Many Indian pharma stocks have rallied in the current market turmoil amid the Covid-19 pandemic, thanks to their attractive valuation and improving growth outlook.

In fact, the Indian pharma sector has been one of the few least-impacted sectors in the current meltdown, registering a positive return after five years of underperformance. Year-to-date, the S&P BSE Healthcare index (TRI) has gained as much as 18 per cent, while S&P BSE 100 index (TRI) is down 16 per cent. Though there are headwinds such as unavailability of labourers and disruption in supply of raw materials, many stocks in the Indian pharma sector are poised to gain from favourable currency tailwinds and stable outlook for India, US and European businesses.

Dr Reddy’s Laboratories is one among them. The stock has rallied as much as 35 per cent since our last buy call given in December 2019. The substantial rise in its stock price is on account of its improved earnings performance in recent quarters, supported by its superior execution strategy across business segments.

At ₹4,025, the Dr Reddy’s stock trades at about 32 times its trailing 12-month earnings, which is slightly higher than its three-year average of 30 times. It is cheaper than similar-sized peers such as Cipla and Divi’s Laboratories that trade at price earnings multiples of 33 and 48 times, respectively, while it is more expensive than Sun Pharmaceutical Industries, which is trading at 28 times.

Strong prospects

Dr Reddy’s is likely to continue exhibiting a strong execution in the medium to long term, given its healthy ANDA (abbreviated new drug application) pipeline for the US market, growing reach in the Europe market and positive impact of the Wockhardt deal on the domestic market.

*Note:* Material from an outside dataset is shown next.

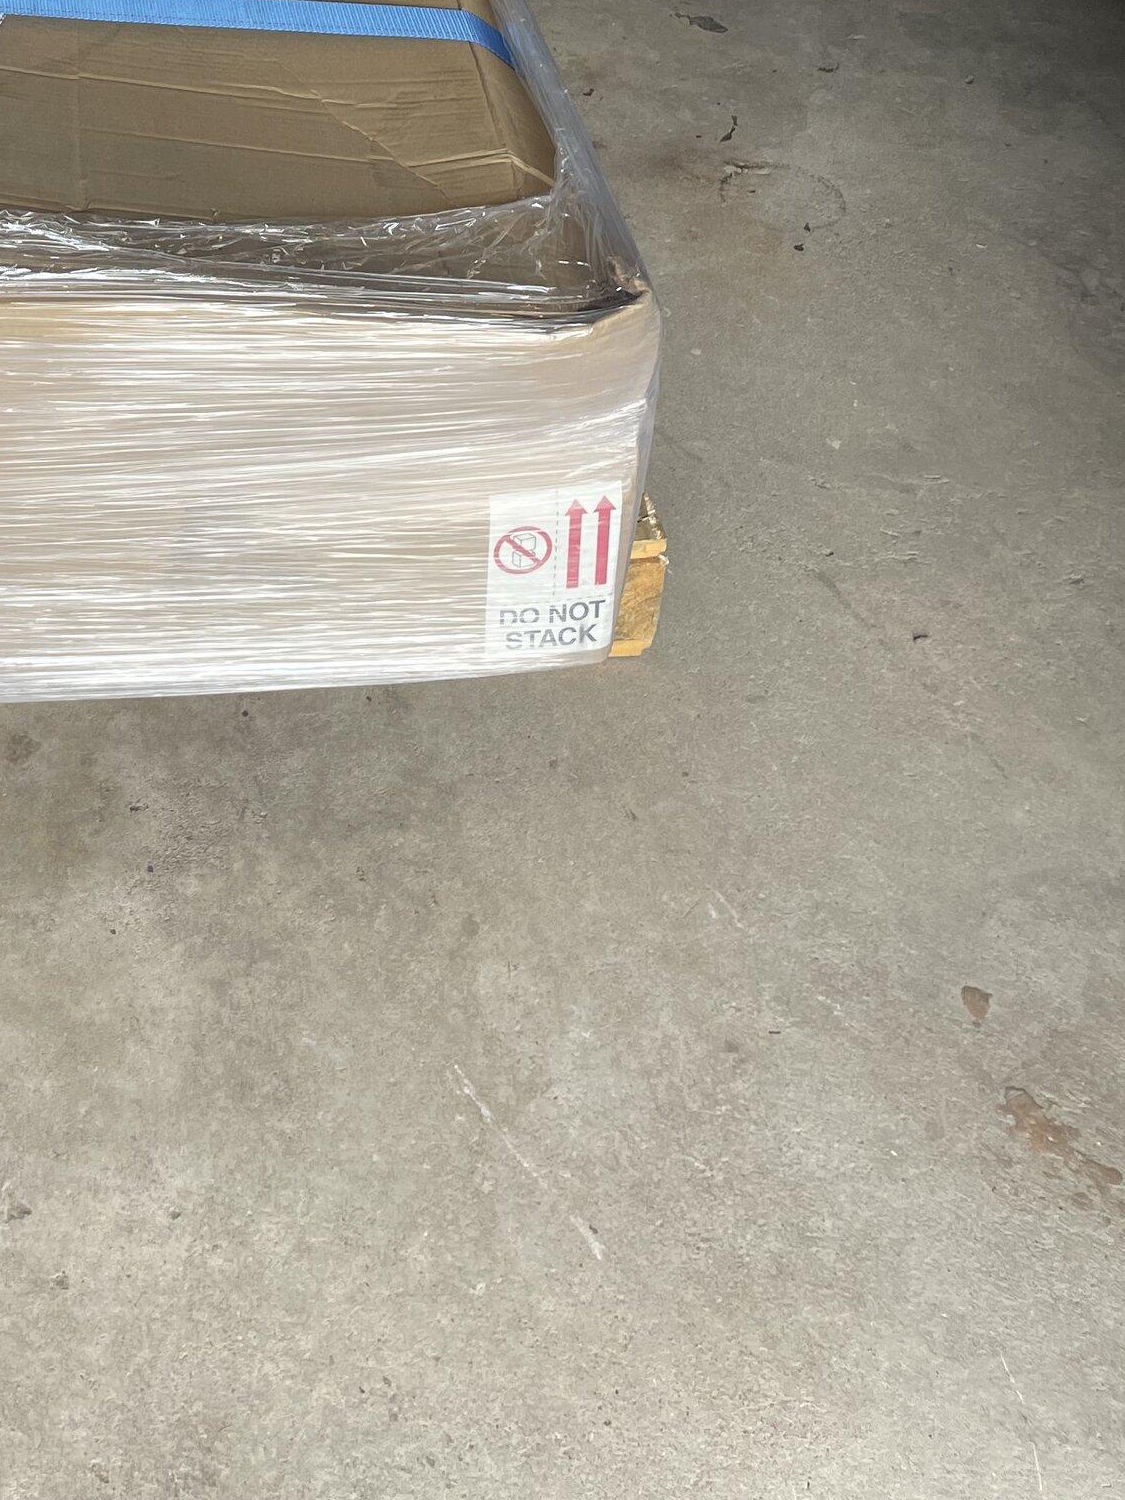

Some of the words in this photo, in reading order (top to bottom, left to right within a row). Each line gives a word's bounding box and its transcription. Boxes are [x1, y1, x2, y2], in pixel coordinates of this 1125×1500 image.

Having resolved the regulatory issues at most of its key facilities, the company is now expected to ramp up its performance further, led by approvals in the US, new launches and product-level cost optimisation.

The firm’s focus on biosimilars, along with its foray into the Chinese generic market, will further improve its profitability.

The company’s focus on non-US business, divestment of non-core assets, trimming of the workforce and rationalisation of R&D over the past two years can lead to an improvement in margins and return ratios going ahead.

Considering the above aspects, despite the recent rally, the stock holds good prospects in the medium to long term. Investors with a medium to high risk profile can accumulate the stock for a three- to five-year time horizon.

In the fourth quarter of FY2019-20, the company’s consolidated revenue grew by 10 per cent (year-on-year) to ₹4,432 crore. Its consolidated net profit was up by 76 per cent (y-o-y) to ₹764 crore, partly due to recognition of MAT (minimum alternative tax) credit in the fourth quarter of FY20.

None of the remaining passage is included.